While no one is complaining about that (especially during Macfarlane’s many shirtless scenes in “Bros”), Macfarlane empathizes with Aaron’s strict adherence to unrealistic male body standards. “Aaron is somebody that growing up in the ’90s had probably a lot of preconceived notions about masculinity and the way you need to look a certain way in order to be successfully sexually appealing. So I think there’s definitely a part of me that thinks about that,” he said. “Especially as a man in Hollywood.”
“‘Office’ gif? This person isn’t gay,” Bobby mutters to his phone during one of their many funny texting exchanges. Much of the humor and tension in the film comes from Bobby’s opinionated, brash, loud queerness clashing with Aaron’s more assimilated gayness. (Macfarlane’s love of country music led to the movie’s sweet conclusion, in which Eichner’s character Bobby serenades Aaron with an original love song in the style of Garth Brooks.)
Not only is that a conversation that’s ripe for comedy, it’s one that Macfarlane hopes will inspire more gay guys to embrace their place in the broader queer community. Just like he has.

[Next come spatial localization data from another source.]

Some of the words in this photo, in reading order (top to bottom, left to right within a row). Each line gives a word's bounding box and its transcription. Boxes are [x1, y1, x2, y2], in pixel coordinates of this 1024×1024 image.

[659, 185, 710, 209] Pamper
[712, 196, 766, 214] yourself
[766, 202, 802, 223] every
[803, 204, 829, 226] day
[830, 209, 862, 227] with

“I represent another side of the queer community. One that has put a larger foot into this heteronormative space in the community,” said Macfarlane. “I’ve always felt very comfortable with who I am and I’m very proud of my contribution to the queer community. … I hope that Aaron is taken with as much sensitivity as he deserves because I think he weirdly has the most to learn in this movie. I think he has the least experience in the community and he, like maybe some of our audience members will, [learns] that you don’t actually need to be so afraid of it.”
Though it can sometimes feel like LGBTQ+ acceptance is whizzing along faster than anyone can keep up, the reality is that there are many countries where it’s still illegal to be gay, and many counties where it may feel that way. Macfarlane came out before it was cool, and he paid the price. Hopefully, “Bros” shows Hollywood what a dazzling leading man it nearly passed up.

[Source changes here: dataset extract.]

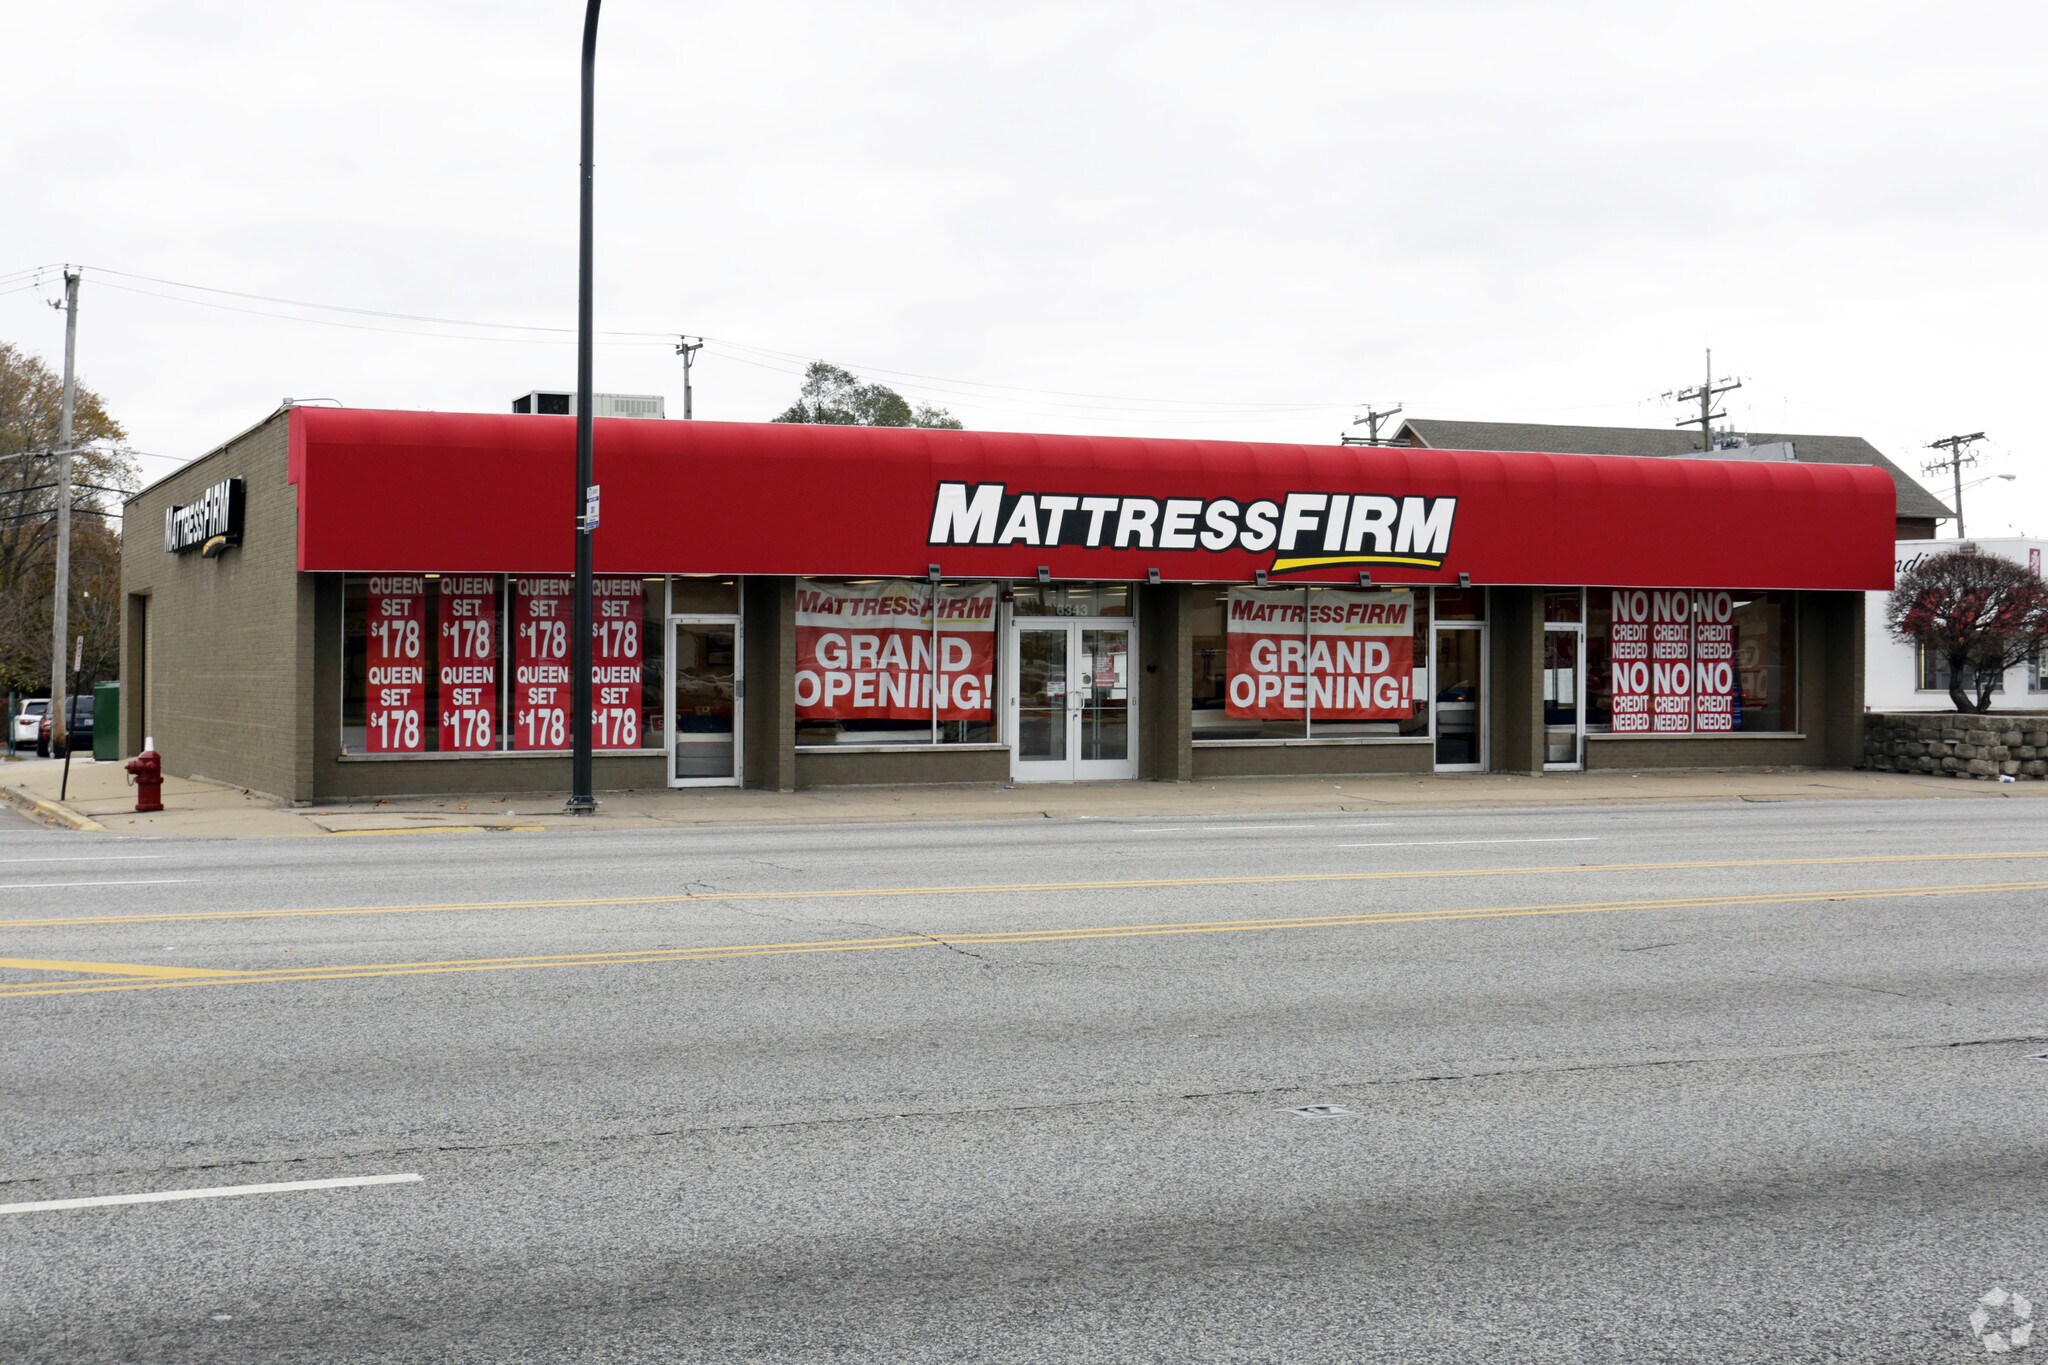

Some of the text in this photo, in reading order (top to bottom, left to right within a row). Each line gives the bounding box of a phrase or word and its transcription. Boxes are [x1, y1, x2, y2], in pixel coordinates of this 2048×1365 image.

“I didn’t know if that was ever going to come along for me in my career. And I was making peace with that. ‘Oh, I’ll be an actor that works and I’ll have ups and downs.’ But a feature studio film, I didn’t know if that was ever going to come around for me,” he said. “So the fact that they did make it for LGBTQ people was my foot in the door.”
Universal Pictures will release “Bros” in theaters on Friday, September 30.